One of my lockdown deliveries has been War & Conquest. Now this bit is convoluted – I started painting figures to my music collection after radio became too distracting, then moved to classic fm to avoid more distractions of just listening! then encountered Meeples and Miniatures and Neil Shuck (by then 200 plus epsiodes under his belt). I am very late to a lot of parties – sometimes getting there long after they have finished so to speak. Gradually not getting too distracted until this guy emails Neil Shuck to say he’s gone back and listened from the start to M&M podcasts.
What? so there is a completely accessible archive?
So I started listening to them instead – the early ones. The problem was that back then Neil was more on about historic wargames and being a solo presenter devoted more minutes to pure reviews.
As a result I am buying bits and pieces – all of which were last in fashion in the Noughties! And spending more time listening than painting – uugh.
Since then I have acquired Memoir 44 (boardgame), Snowdogs (boardgame) and recently War and Conquest wargame rules based on Neil’s decade old review. Ok some review content is dated but I reckon a good game stays a good game. Neil has already moved on to Sword and Spear as his circa 2014 “go to” wargames rules for ancients but there was something about his review of War and Conquest.

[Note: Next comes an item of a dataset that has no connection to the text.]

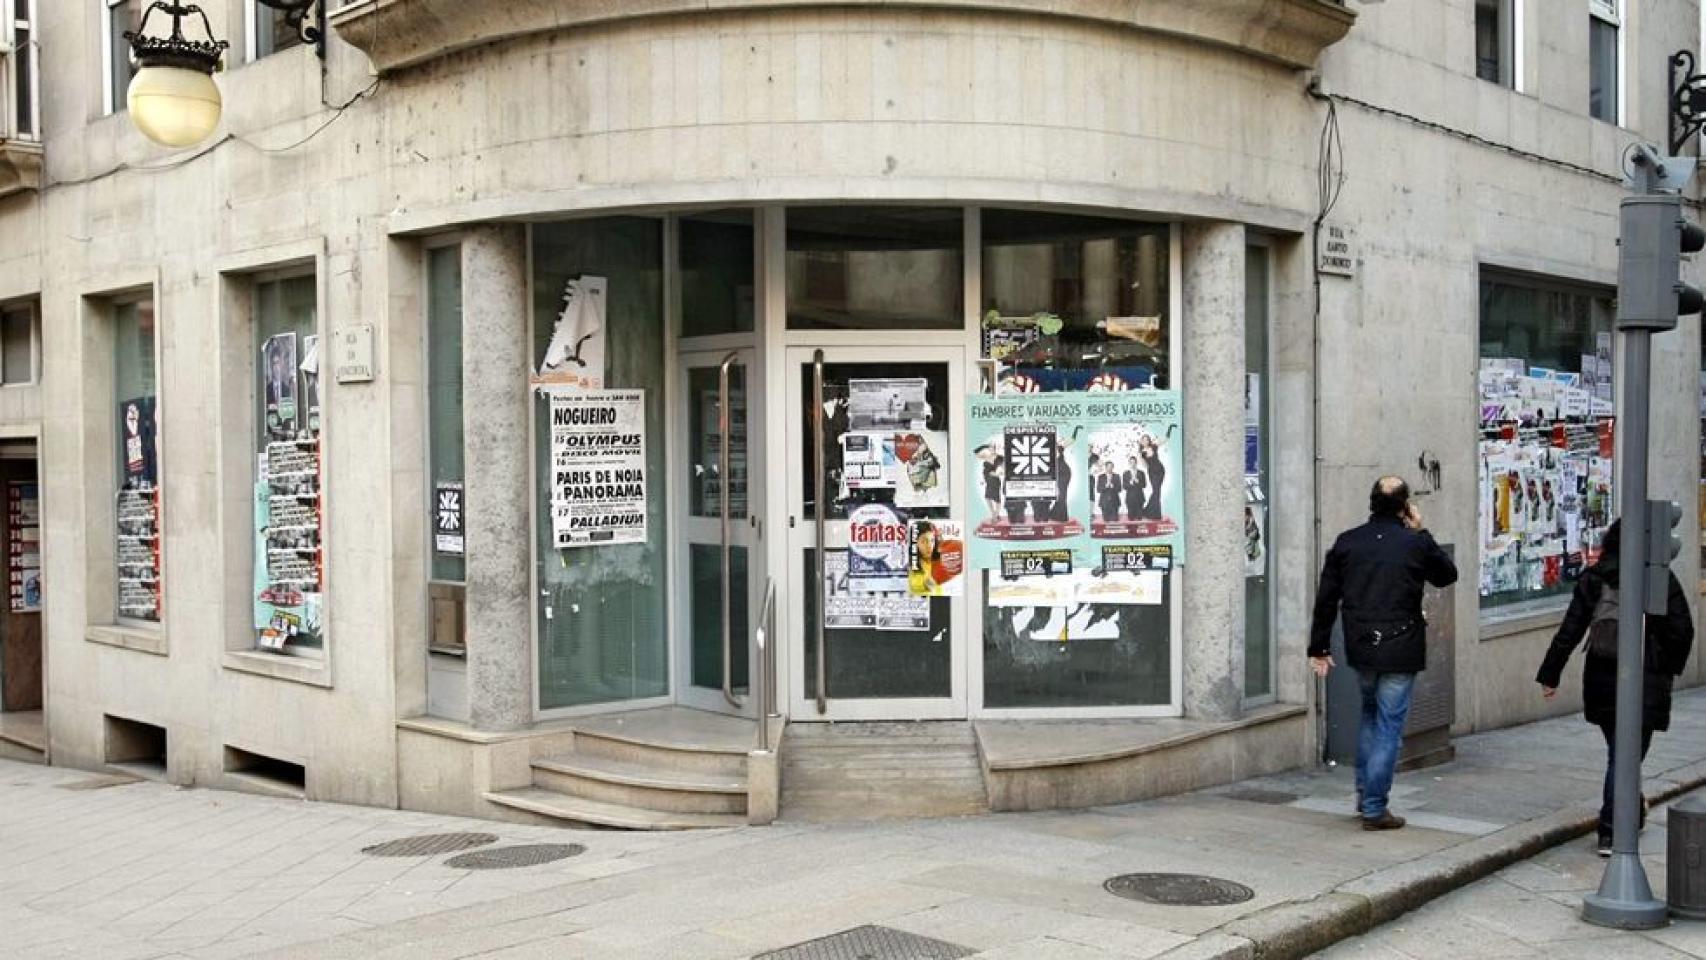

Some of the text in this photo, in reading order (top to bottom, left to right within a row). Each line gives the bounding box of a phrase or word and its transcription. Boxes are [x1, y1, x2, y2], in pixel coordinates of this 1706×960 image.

I took a chance and bought them. I have read them and not been dissappointed. Quite simply I have not read a set of rules like these since “Charge or How to Play Wargames” by Lawford and Young.

It is the way they (both books) are written and presented that makes the connection for me plus the sheer enthusiasm of the authors for gaming with model figures across a table top.
In all other respects the two rulesets are strange bedfellows and this is not surprising being authored 44 years apart.
Hopefully I will play them and not be put off.

War & Conquest – epic battles in the ancient and medieval world – are written by Rob Broom and published by Scarab Minaitures. A 2011 publication that is exactly what Neil said back then – a book worth owning and reading in its own right – even if you don’t use the rules!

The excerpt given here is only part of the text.